-- Exercise requirements --
Record by record, give the entire listing again exactly.

-- Material for the task --
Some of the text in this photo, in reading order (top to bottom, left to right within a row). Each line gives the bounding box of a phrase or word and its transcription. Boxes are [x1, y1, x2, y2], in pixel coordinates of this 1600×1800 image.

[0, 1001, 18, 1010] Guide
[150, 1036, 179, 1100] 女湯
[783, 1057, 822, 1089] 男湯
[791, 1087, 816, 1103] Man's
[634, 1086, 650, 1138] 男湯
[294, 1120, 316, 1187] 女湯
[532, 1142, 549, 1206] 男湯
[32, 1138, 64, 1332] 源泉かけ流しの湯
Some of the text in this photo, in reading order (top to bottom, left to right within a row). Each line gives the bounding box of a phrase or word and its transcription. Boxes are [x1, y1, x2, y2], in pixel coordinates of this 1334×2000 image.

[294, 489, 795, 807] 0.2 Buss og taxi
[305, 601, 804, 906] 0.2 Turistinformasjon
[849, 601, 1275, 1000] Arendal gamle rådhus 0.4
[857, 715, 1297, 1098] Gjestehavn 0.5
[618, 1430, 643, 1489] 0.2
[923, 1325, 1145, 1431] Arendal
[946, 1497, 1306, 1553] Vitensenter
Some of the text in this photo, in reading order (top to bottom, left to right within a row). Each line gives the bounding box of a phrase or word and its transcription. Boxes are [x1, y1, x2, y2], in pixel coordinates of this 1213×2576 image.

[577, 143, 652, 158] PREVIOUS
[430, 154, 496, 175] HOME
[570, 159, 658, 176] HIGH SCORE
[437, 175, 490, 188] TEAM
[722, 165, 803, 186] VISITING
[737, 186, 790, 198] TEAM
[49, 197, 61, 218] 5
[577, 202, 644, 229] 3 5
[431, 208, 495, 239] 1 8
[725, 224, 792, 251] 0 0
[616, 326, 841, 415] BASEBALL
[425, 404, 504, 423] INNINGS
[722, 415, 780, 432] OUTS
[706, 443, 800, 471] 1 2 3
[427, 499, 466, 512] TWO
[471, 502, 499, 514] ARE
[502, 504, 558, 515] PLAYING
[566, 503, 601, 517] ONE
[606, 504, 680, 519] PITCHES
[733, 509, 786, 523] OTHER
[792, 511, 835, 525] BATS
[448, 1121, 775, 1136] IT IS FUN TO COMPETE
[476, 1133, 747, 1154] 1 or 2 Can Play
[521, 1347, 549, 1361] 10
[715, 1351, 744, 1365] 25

-- Reply to the exercise --
Some of the text in this photo, in reading order (top to bottom, left to right within a row). Each line gives the bounding box of a phrase or word and its transcription. Boxes are [x1, y1, x2, y2], in pixel coordinates of this 1600×1800 image.

[0, 1001, 18, 1010] Guide
[150, 1036, 179, 1100] 女湯
[783, 1057, 822, 1089] 男湯
[791, 1087, 816, 1103] Man's
[634, 1086, 650, 1138] 男湯
[294, 1120, 316, 1187] 女湯
[532, 1142, 549, 1206] 男湯
[32, 1138, 64, 1332] 源泉かけ流しの湯
Some of the text in this photo, in reading order (top to bottom, left to right within a row). Each line gives the bounding box of a phrase or word and its transcription. Boxes are [x1, y1, x2, y2], in pixel coordinates of this 1334×2000 image.

[294, 489, 795, 807] 0.2 Buss og taxi
[305, 601, 804, 906] 0.2 Turistinformasjon
[849, 601, 1275, 1000] Arendal gamle rådhus 0.4
[857, 715, 1297, 1098] Gjestehavn 0.5
[618, 1430, 643, 1489] 0.2
[923, 1325, 1145, 1431] Arendal
[946, 1497, 1306, 1553] Vitensenter
Some of the text in this photo, in reading order (top to bottom, left to right within a row). Each line gives the bounding box of a phrase or word and its transcription. Boxes are [x1, y1, x2, y2], in pixel coordinates of this 1213×2576 image.

[577, 143, 652, 158] PREVIOUS
[430, 154, 496, 175] HOME
[570, 159, 658, 176] HIGH SCORE
[437, 175, 490, 188] TEAM
[722, 165, 803, 186] VISITING
[737, 186, 790, 198] TEAM
[49, 197, 61, 218] 5
[577, 202, 644, 229] 3 5
[431, 208, 495, 239] 1 8
[725, 224, 792, 251] 0 0
[616, 326, 841, 415] BASEBALL
[425, 404, 504, 423] INNINGS
[722, 415, 780, 432] OUTS
[706, 443, 800, 471] 1 2 3
[427, 499, 466, 512] TWO
[471, 502, 499, 514] ARE
[502, 504, 558, 515] PLAYING
[566, 503, 601, 517] ONE
[606, 504, 680, 519] PITCHES
[733, 509, 786, 523] OTHER
[792, 511, 835, 525] BATS
[448, 1121, 775, 1136] IT IS FUN TO COMPETE
[476, 1133, 747, 1154] 1 or 2 Can Play
[521, 1347, 549, 1361] 10
[715, 1351, 744, 1365] 25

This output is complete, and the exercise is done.